Exercise goal
Write exactly, with no line omitted or added, the span beginning at the line that holds "Some of the text" and ending at the last line of the records.

Supplied records
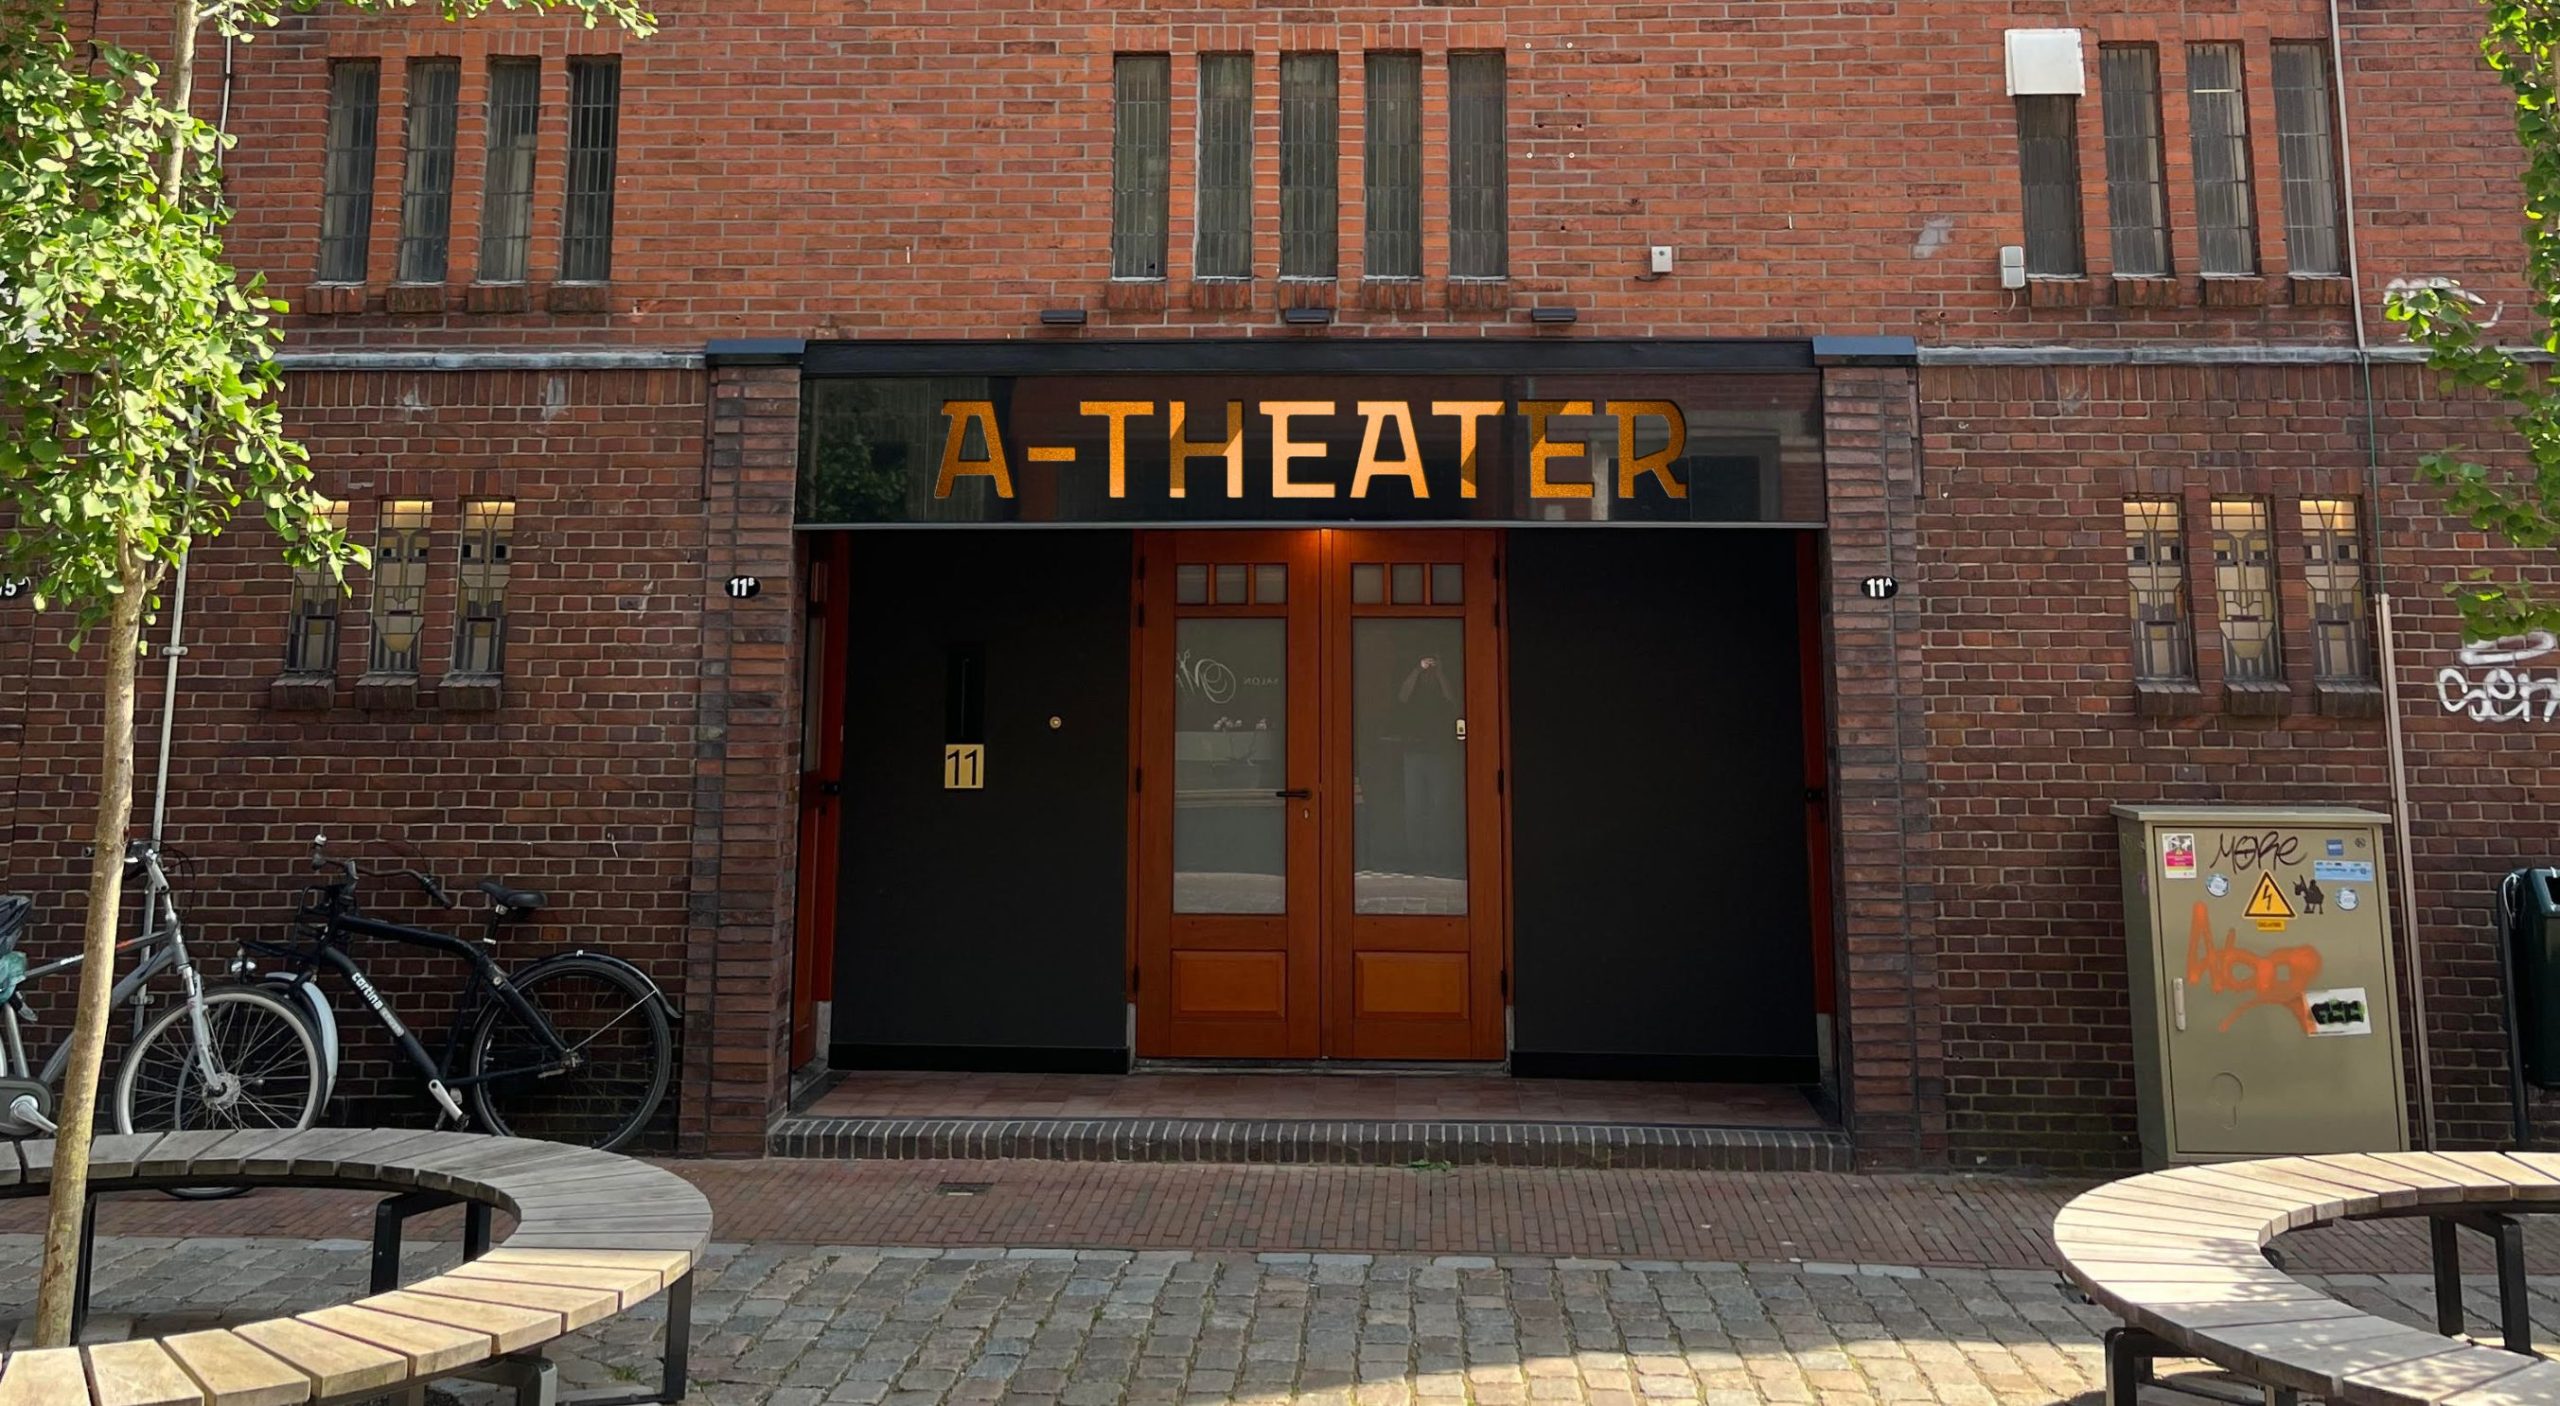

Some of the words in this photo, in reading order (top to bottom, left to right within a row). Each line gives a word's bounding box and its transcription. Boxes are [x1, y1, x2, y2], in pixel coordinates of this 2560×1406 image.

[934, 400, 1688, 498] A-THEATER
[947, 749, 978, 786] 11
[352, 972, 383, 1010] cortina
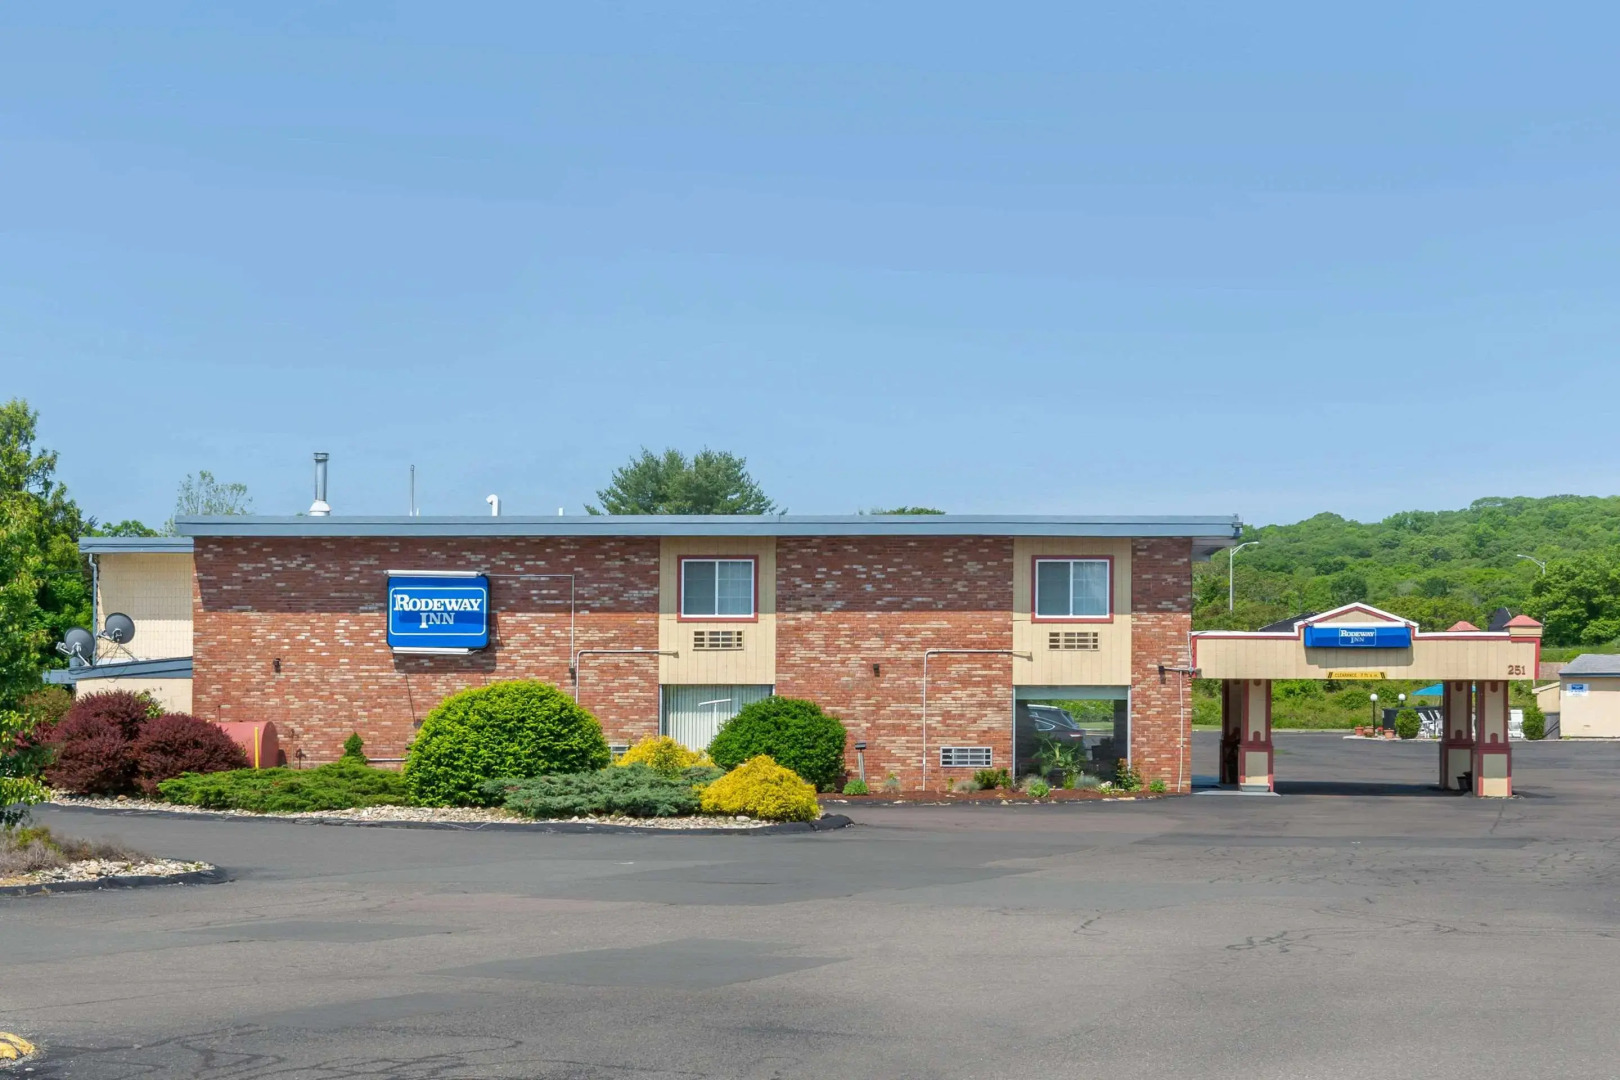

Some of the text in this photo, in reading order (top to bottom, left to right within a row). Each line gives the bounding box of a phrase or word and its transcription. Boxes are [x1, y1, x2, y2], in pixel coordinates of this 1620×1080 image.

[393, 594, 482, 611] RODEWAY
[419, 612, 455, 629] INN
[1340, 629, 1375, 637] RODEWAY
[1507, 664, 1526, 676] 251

Completed task
Some of the text in this photo, in reading order (top to bottom, left to right within a row). Each line gives the bounding box of a phrase or word and its transcription. Boxes are [x1, y1, x2, y2], in pixel coordinates of this 1620×1080 image.

[393, 594, 482, 611] RODEWAY
[419, 612, 455, 629] INN
[1340, 629, 1375, 637] RODEWAY
[1507, 664, 1526, 676] 251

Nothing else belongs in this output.